Paper certainly isn't as durable a flooring material as others, but the original poster was looking for a cheap alternative to painting, and one that they could install themselves, and I thought that commercial wallpaper fit the bill. Anyone who's seen commercial wall paper knows that it is very much stronger than regular wallpaper or ordinary brown paper, so commercial wallpaper finished with an alkyd based polyurethane should stand up at least as well as a brown paper floor finished with a water based poly.

Also, I spread the wallpaper paste with an adhesive trowel, but then also used a 9 1/2 inch long piece of 1 1/2 inch ABS plastic drain pipe on a paint roller frame to roll the excess paste out from under the paper as I installed in. (That is, I was jumping back and forth between spreading the paste with the trowel and rolling the wallpaper out into the spread paste.) This not only rolled out any air bubbles, it ensured that the paper was stuck down to the concrete with only a very thin film of paste under it. I felt it was most important to have the paper well supported by the concrete, and that meant having the thinnest film of paste between it and the concrete that I could manage.

Commercial wallpaper comes 4 feet wide, and you can often buy spare rolls of it cheap from the places listed under Interior Decorating in your yellow pages phone directory, but you have to phone around to find out who's got what. If you use a regular wallpaper paste to glue it down with, you also have the advantage (in my opinion) of removing it quickly and easily as well should you need/want to. It's a quick, cheap and easy way to cover up an otherwise ugly floor that unlike painting, also lends itself to equally quick removal. I wouldn't suggest it unless I was happy with the results I had with it in my own building, but I do tell people that the traffic in my locker rooms is very light, so it's not necessarily representative of what can be expected in even a residential setting. On the other hand, I never applied a sealer or polyurethane over my wallpaper flooring.


----------



## LADY IN TH EWOODS

*Lady In The Woods*

*THANKS I WILL LOOK INTO THE BROWN PAPER IDEA AND THANKS FOR THE SITES TOO.*


----------



## reensjp

*Not sure about my sub floor*

will this work even on a subfloor that's, well, not so hot? We've put down vinyl tiles, but are totally disappointed in how they are wearing. The glue is coming up between tiles, and collects every bit of dust and dirt. I would LOVE to have a nice, fresh surface to clean.


----------



## rusty baker

This has to be one of the funniest threads that I have ever read.:laughing:


----------



## Bud Cline

Funny...or just plain sad?:yes:


----------



## reensjp

*Good for you*

Good for you to be in a situation where you're able to find this thread funny OR sad. The truth is, there are a great many people out there, myself included, for whom proper flooring is a cost prohibitive item. (I happen to live in Hawaii, where you can tack an extra 30% onto the cost of EVERYTHING just to get it here) SO, while I would love to put down hardwood flooring, or beautiful natural stone tile, I cannot, and the flooring I have is becoming increasingly difficult to keep clean and presentable. So yes, we are seeking lower cost alternatives, and wondering if there are non traditional "alternatives".


----------



## rusty baker

Funny or sad, Nestor gives the same kind of advice on other forums.


----------



## Bud Cline

> Funny or sad, *Nestor gives the same kind of advice on other forums*.

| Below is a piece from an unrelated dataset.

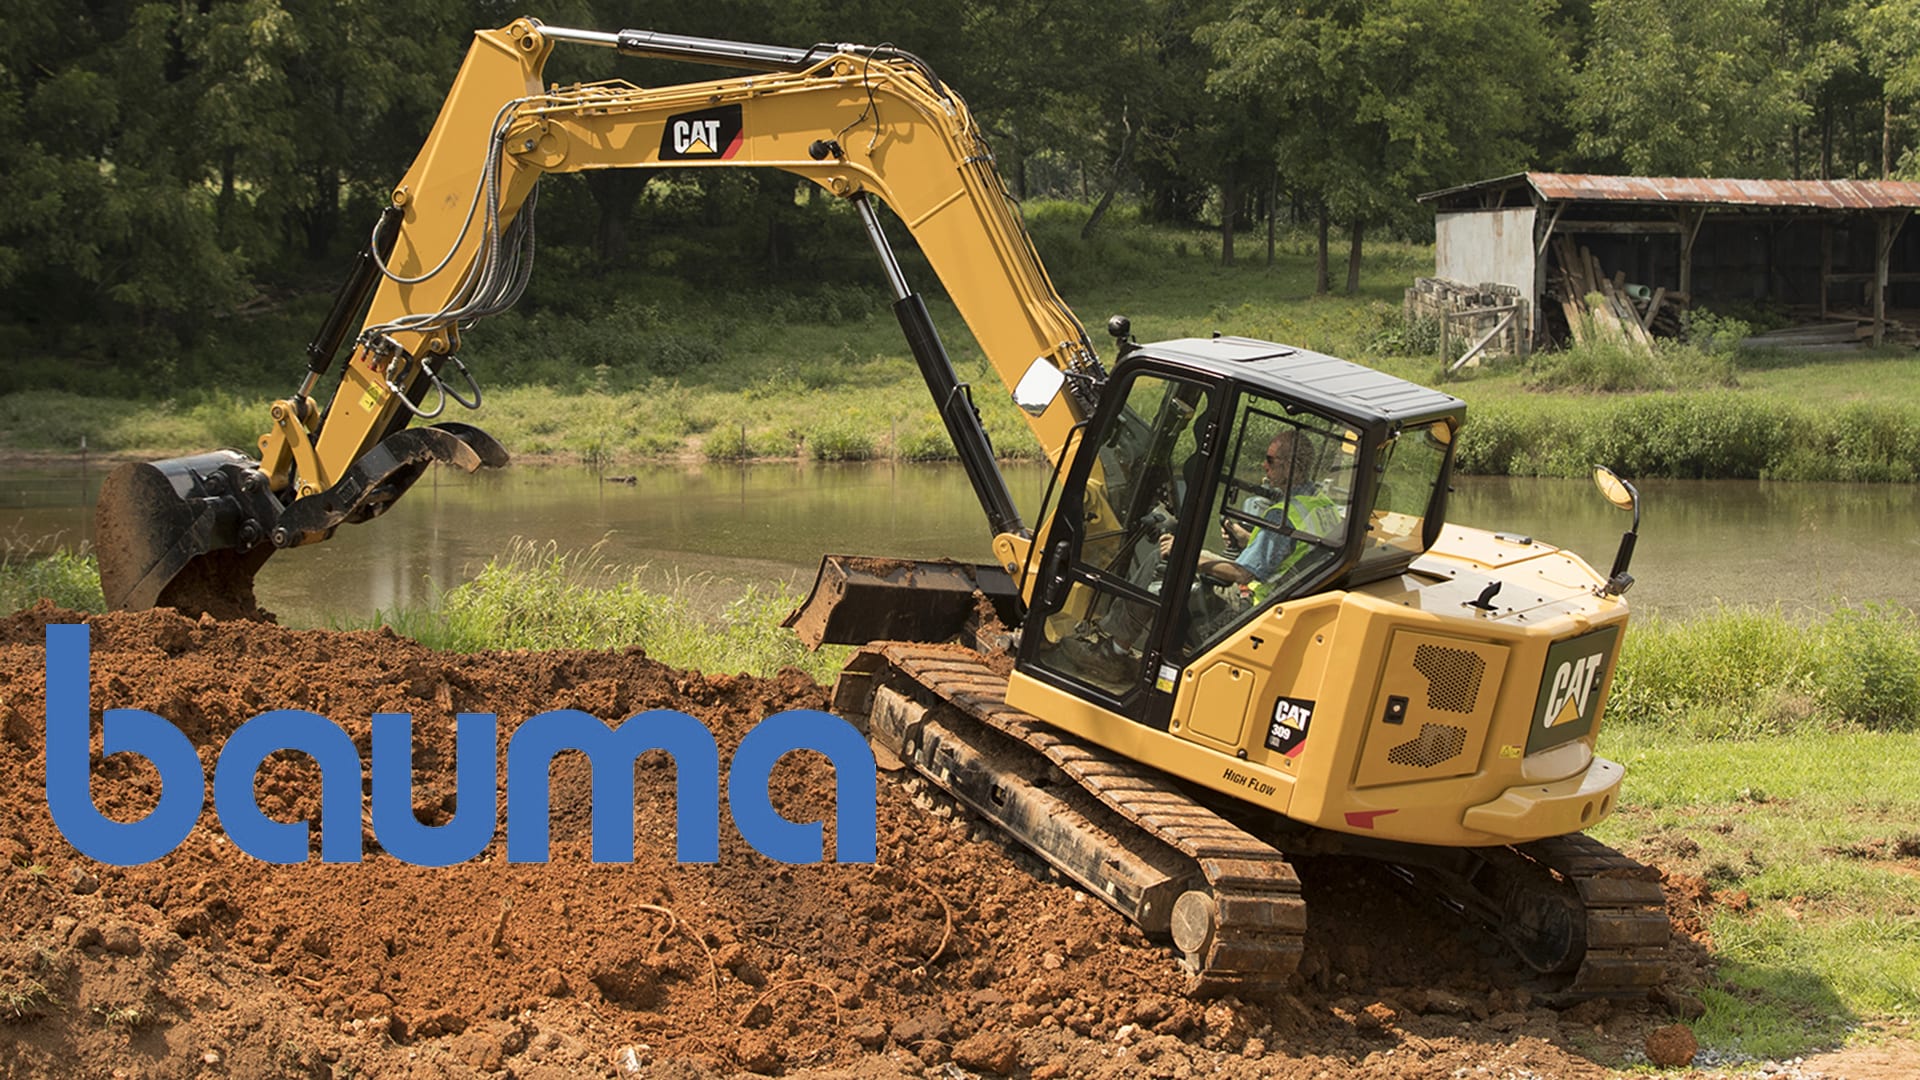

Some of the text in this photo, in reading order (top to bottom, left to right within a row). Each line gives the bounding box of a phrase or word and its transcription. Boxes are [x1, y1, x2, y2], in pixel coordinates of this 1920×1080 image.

Exactly the reason for my comment. Had nothing (at all) to do with alternative methods or affordability. Idiocy is alive and well on the Internet and some individuals certainly fit the bill more than others.


----------



## michaelcherr

Go to a few dumpsters of flooring places.
Grab their scraps of new carpet. Get creative with their leftovers, and some carpet tape.

I've seen some decent sized pieces of new carpet in the trash, but I also used to mow the lawn for a couple flooring places.


----------



## lajOie

*Give it a try*

I've noticed many people are extremely anti-painted floors, but in reality this practice is VERY old. My Grandma used to paint the floors of their farmhouse during the Depression in Nebraska...

Today, I've successfully painted over the original, 60 year old linoleum in our hall bathroom...and it looks wonderful. 

It is a higher maintenance option, but from a style standpoint it can be pulled off very nicely. 

Tips: 
1) Always sand to smooth and even

2) Always use an EXCELLENT primer (what you pay for is returned in adhesion)

3) Pay for good paint

4) Don't hide the fact that it's painted: make interesting geometric patterns and use high-contrast color combinations using painters tape. Just remember to let the paint cure long enough before putting tape down.

5) Use a top coat whenever possible and remember! You mush remember to caulk places where water could seep to prevent water damage.


----------



## rusty baker

lajOie said:


> Today, I've successfully painted over the original, 60 year old linoleum in our hall bathroom...and it looks wonderful.
> 
> 
> Tips:
> 1) Always sand to smooth and even


 
NEVER, EVER sand old linoleum or vinyl. You may be releasing asbestos into the air. 

NEVER, EVER.


----------



## Red Squirrel

I'd sand down the plywood to get it as smooth as you can, don't go too crazy, plywood is called "ply" wood for a reason, just want to go light. Put a very good primer, and paint that is made for floors or other "wear and tear" areas. 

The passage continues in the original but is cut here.